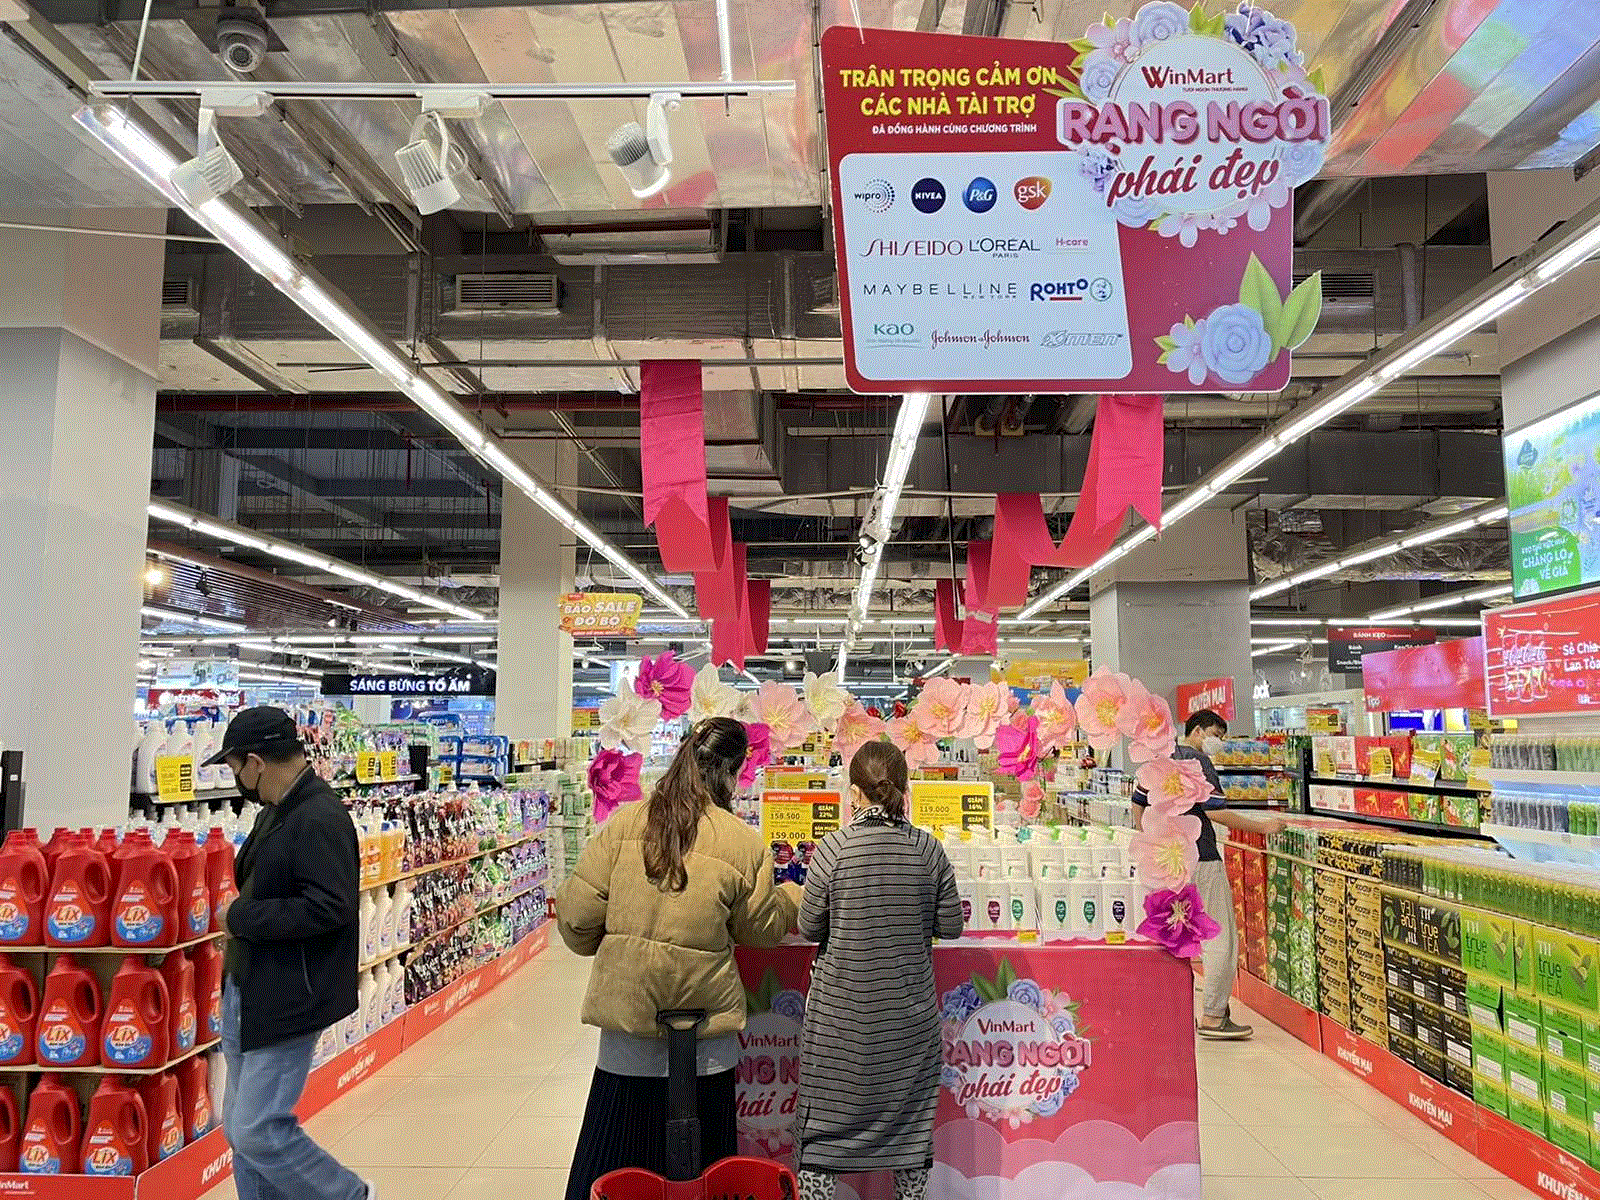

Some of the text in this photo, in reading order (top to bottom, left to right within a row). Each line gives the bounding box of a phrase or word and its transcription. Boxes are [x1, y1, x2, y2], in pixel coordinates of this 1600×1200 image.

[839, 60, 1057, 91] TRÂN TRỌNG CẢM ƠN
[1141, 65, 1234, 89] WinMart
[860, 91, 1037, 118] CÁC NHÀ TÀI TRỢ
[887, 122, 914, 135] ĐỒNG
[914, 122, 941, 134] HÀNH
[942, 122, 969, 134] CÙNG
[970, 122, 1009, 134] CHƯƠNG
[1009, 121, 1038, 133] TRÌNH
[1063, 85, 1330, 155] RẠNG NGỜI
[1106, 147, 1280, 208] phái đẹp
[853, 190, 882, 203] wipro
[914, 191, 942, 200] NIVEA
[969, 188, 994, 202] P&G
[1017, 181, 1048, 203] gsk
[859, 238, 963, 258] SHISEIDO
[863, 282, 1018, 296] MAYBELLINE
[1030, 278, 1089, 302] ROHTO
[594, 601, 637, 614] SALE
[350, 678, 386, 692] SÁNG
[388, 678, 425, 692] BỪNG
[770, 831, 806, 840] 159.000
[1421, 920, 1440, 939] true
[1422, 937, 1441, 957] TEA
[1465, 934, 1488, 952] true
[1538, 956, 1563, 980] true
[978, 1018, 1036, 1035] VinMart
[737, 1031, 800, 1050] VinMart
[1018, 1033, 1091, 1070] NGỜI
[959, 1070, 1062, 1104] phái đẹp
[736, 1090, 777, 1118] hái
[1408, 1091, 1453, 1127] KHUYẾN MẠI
▬▬▬
The result should be an exact copy of every entry above, with no pictures included.

• **SOLUTION FOR THIS EXERCISE**
Some of the text in this photo, in reading order (top to bottom, left to right within a row). Each line gives the bounding box of a phrase or word and its transcription. Boxes are [x1, y1, x2, y2], in pixel coordinates of this 1600×1200 image.

[839, 60, 1057, 91] TRÂN TRỌNG CẢM ƠN
[1141, 65, 1234, 89] WinMart
[860, 91, 1037, 118] CÁC NHÀ TÀI TRỢ
[887, 122, 914, 135] ĐỒNG
[914, 122, 941, 134] HÀNH
[942, 122, 969, 134] CÙNG
[970, 122, 1009, 134] CHƯƠNG
[1009, 121, 1038, 133] TRÌNH
[1063, 85, 1330, 155] RẠNG NGỜI
[1106, 147, 1280, 208] phái đẹp
[853, 190, 882, 203] wipro
[914, 191, 942, 200] NIVEA
[969, 188, 994, 202] P&G
[1017, 181, 1048, 203] gsk
[859, 238, 963, 258] SHISEIDO
[863, 282, 1018, 296] MAYBELLINE
[1030, 278, 1089, 302] ROHTO
[594, 601, 637, 614] SALE
[350, 678, 386, 692] SÁNG
[388, 678, 425, 692] BỪNG
[770, 831, 806, 840] 159.000
[1421, 920, 1440, 939] true
[1422, 937, 1441, 957] TEA
[1465, 934, 1488, 952] true
[1538, 956, 1563, 980] true
[978, 1018, 1036, 1035] VinMart
[737, 1031, 800, 1050] VinMart
[1018, 1033, 1091, 1070] NGỜI
[959, 1070, 1062, 1104] phái đẹp
[736, 1090, 777, 1118] hái
[1408, 1091, 1453, 1127] KHUYẾN MẠI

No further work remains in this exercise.